» TASK GOAL:
Please repeat the entries word for word and keep the images out.

» GIVEN DATA:
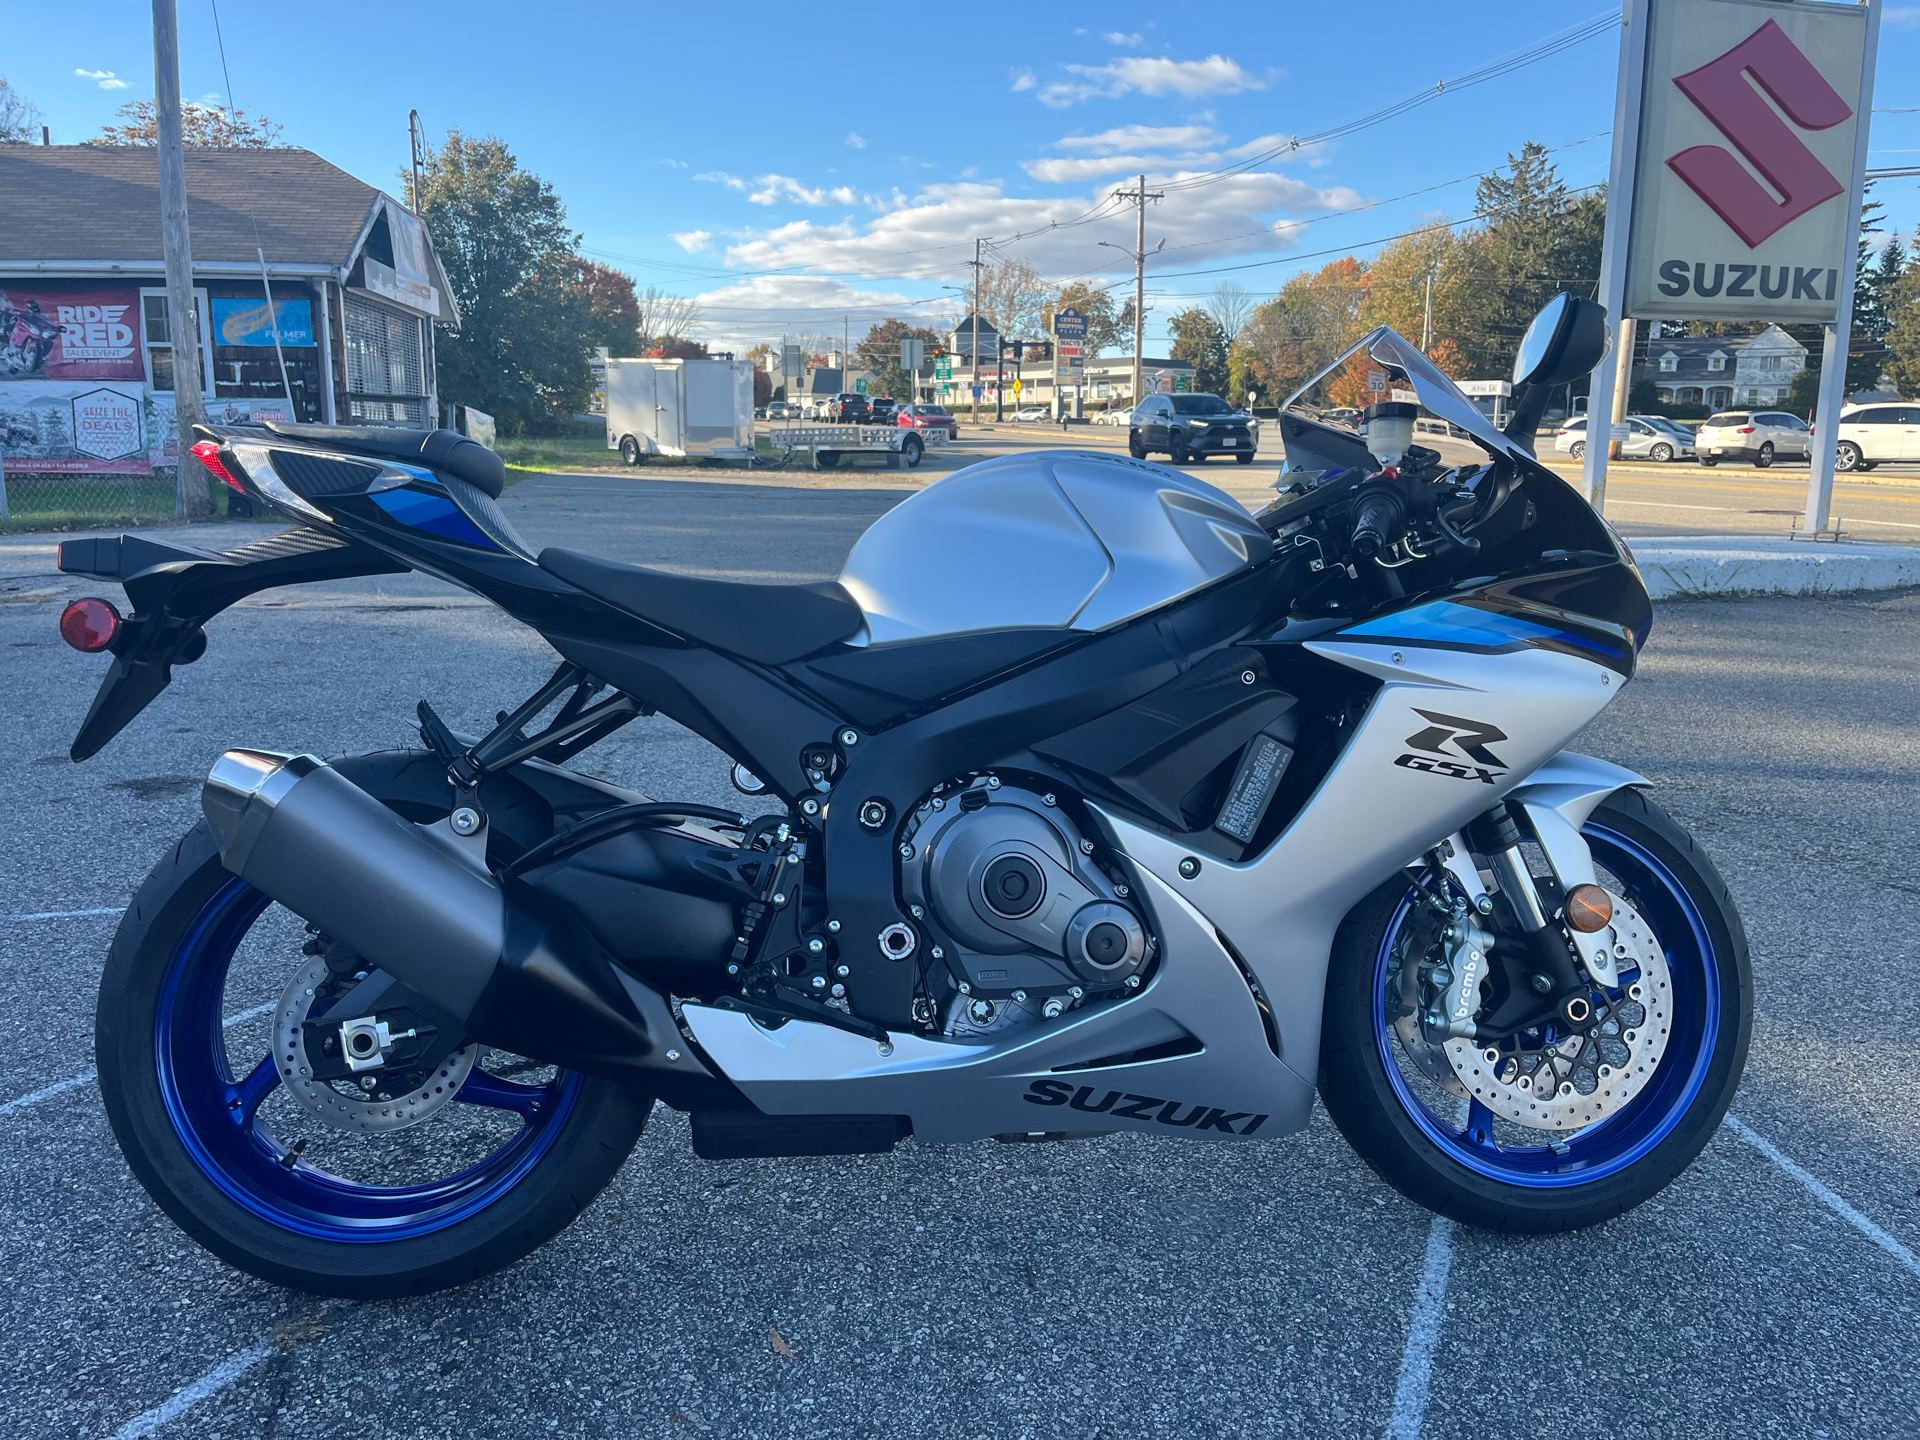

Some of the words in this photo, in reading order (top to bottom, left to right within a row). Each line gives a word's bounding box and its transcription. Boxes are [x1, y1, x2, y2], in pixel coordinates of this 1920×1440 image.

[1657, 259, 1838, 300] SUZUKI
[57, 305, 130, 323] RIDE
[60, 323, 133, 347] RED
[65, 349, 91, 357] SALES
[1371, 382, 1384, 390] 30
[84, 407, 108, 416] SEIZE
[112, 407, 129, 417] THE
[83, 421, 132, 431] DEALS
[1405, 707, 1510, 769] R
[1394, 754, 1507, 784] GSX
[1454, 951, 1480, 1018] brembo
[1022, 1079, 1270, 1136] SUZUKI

» RESPONSE AREA:
Some of the words in this photo, in reading order (top to bottom, left to right within a row). Each line gives a word's bounding box and its transcription. Boxes are [x1, y1, x2, y2], in pixel coordinates of this 1920×1440 image.

[1657, 259, 1838, 300] SUZUKI
[57, 305, 130, 323] RIDE
[60, 323, 133, 347] RED
[65, 349, 91, 357] SALES
[1371, 382, 1384, 390] 30
[84, 407, 108, 416] SEIZE
[112, 407, 129, 417] THE
[83, 421, 132, 431] DEALS
[1405, 707, 1510, 769] R
[1394, 754, 1507, 784] GSX
[1454, 951, 1480, 1018] brembo
[1022, 1079, 1270, 1136] SUZUKI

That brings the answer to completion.